* INSTRUCTIONS FOR THE TASK
For every line in the material, output its text exactly and exclude any image it holds.

* RECORDED INFORMATION
────

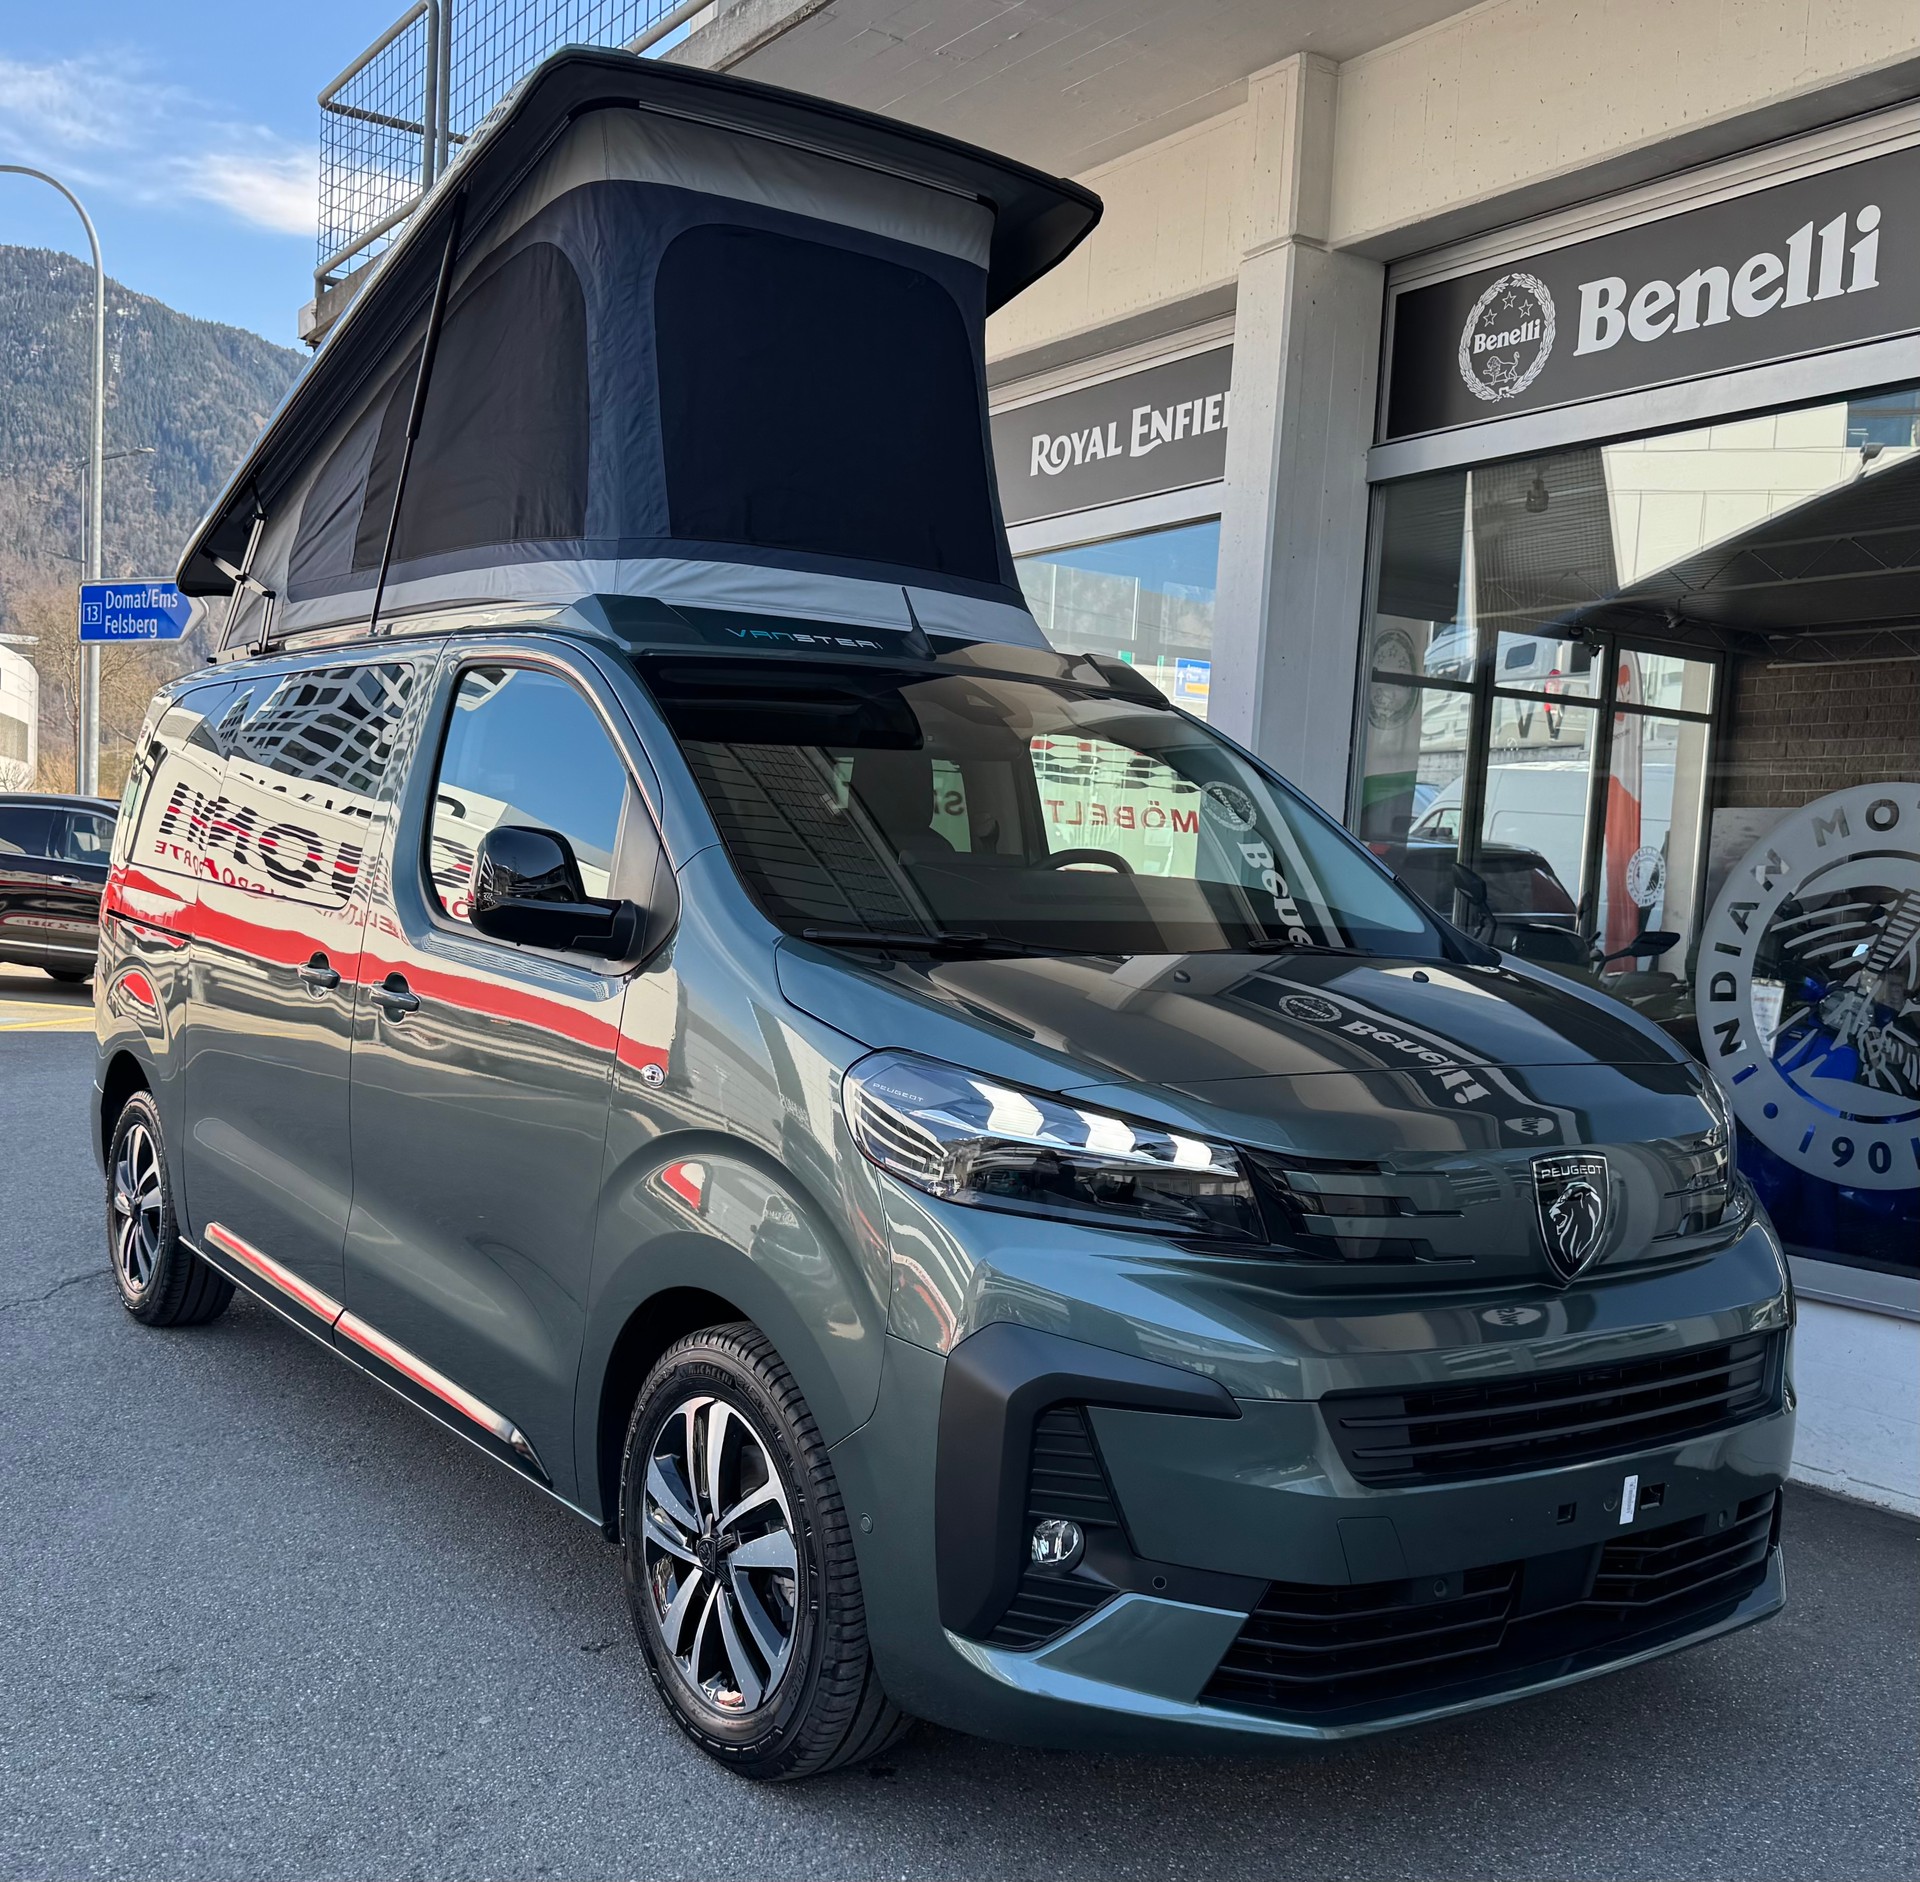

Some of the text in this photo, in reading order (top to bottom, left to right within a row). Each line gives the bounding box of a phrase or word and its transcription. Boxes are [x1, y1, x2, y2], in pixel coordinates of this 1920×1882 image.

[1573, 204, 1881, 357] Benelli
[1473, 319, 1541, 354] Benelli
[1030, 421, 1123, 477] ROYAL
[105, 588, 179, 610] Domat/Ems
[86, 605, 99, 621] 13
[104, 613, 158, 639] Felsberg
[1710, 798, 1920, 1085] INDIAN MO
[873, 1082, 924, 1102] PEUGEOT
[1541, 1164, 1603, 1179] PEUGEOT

────

* RESPONSE AREA
Some of the text in this photo, in reading order (top to bottom, left to right within a row). Each line gives the bounding box of a phrase or word and its transcription. Boxes are [x1, y1, x2, y2], in pixel coordinates of this 1920×1882 image.

[1573, 204, 1881, 357] Benelli
[1473, 319, 1541, 354] Benelli
[1030, 421, 1123, 477] ROYAL
[105, 588, 179, 610] Domat/Ems
[86, 605, 99, 621] 13
[104, 613, 158, 639] Felsberg
[1710, 798, 1920, 1085] INDIAN MO
[873, 1082, 924, 1102] PEUGEOT
[1541, 1164, 1603, 1179] PEUGEOT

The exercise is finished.